> [Work request] Before copying, set the pictures aside; then repeat every line below verbatim.

> [Referring expression grounding data]

---*---

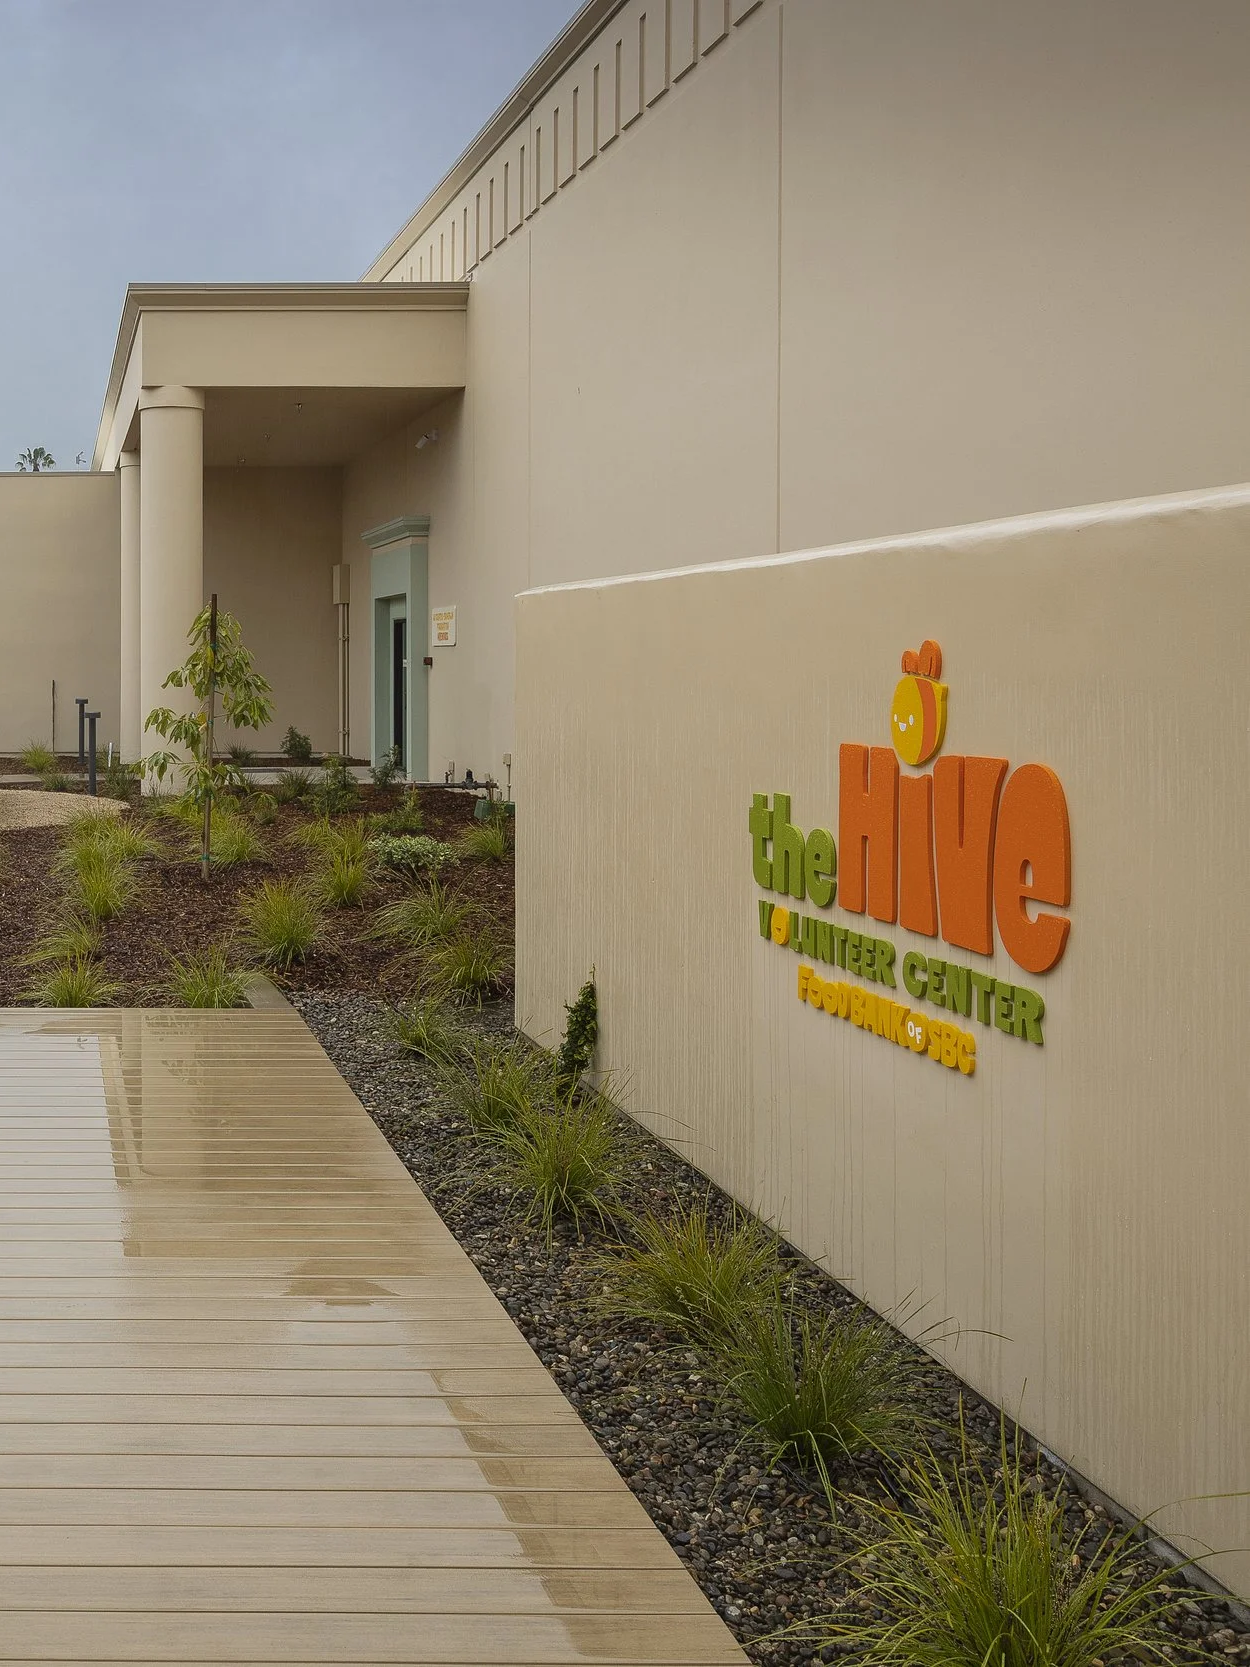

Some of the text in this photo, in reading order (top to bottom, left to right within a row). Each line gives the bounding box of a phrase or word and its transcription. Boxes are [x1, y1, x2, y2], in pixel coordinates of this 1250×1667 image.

[749, 793, 837, 907] the
[758, 899, 1044, 1044] VOLUNTEER CENTER
[927, 1018, 976, 1075] SBC
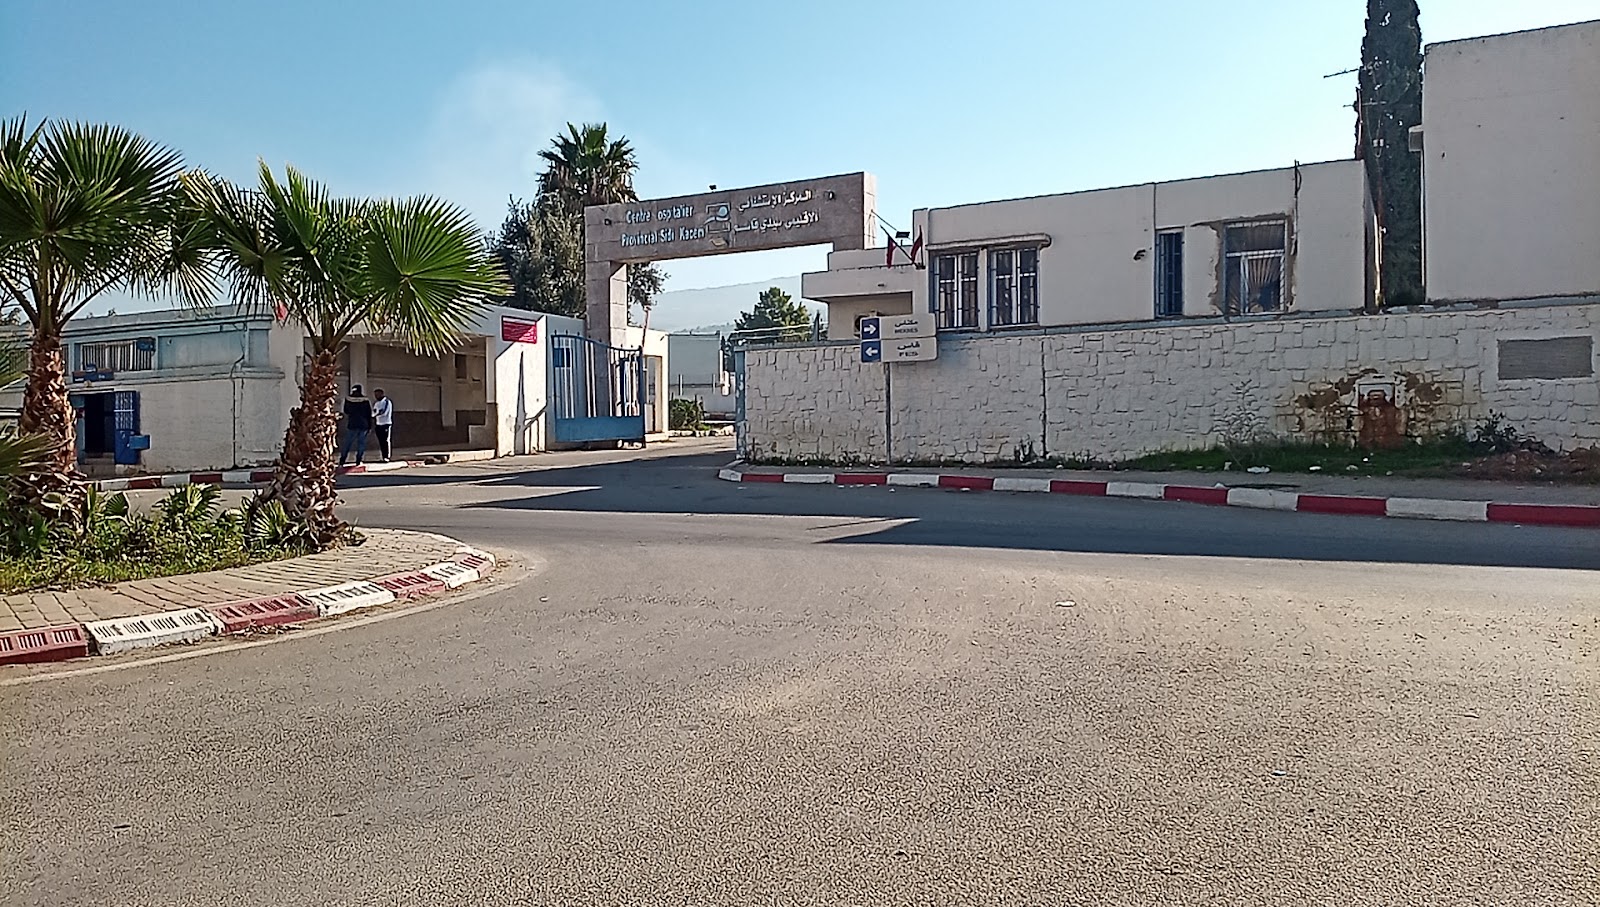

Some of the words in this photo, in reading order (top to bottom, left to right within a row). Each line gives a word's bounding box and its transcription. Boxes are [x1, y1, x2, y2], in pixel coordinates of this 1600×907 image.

---*---

> [Result for this exercise]
Some of the text in this photo, in reading order (top to bottom, left to right within a row). Each line gives the bounding box of a phrase or word and its transcription. Boxes are [x1, y1, x2, y2], in pixel coordinates of this 1250×1667 image.

[749, 793, 837, 907] the
[758, 899, 1044, 1044] VOLUNTEER CENTER
[927, 1018, 976, 1075] SBC

Some of the words in this photo, in reading order (top to bottom, left to right within a row). Each line gives a word's bounding box and its transcription. Boxes are [x1, y1, x2, y2], in pixel coordinates of this 1600×907 image.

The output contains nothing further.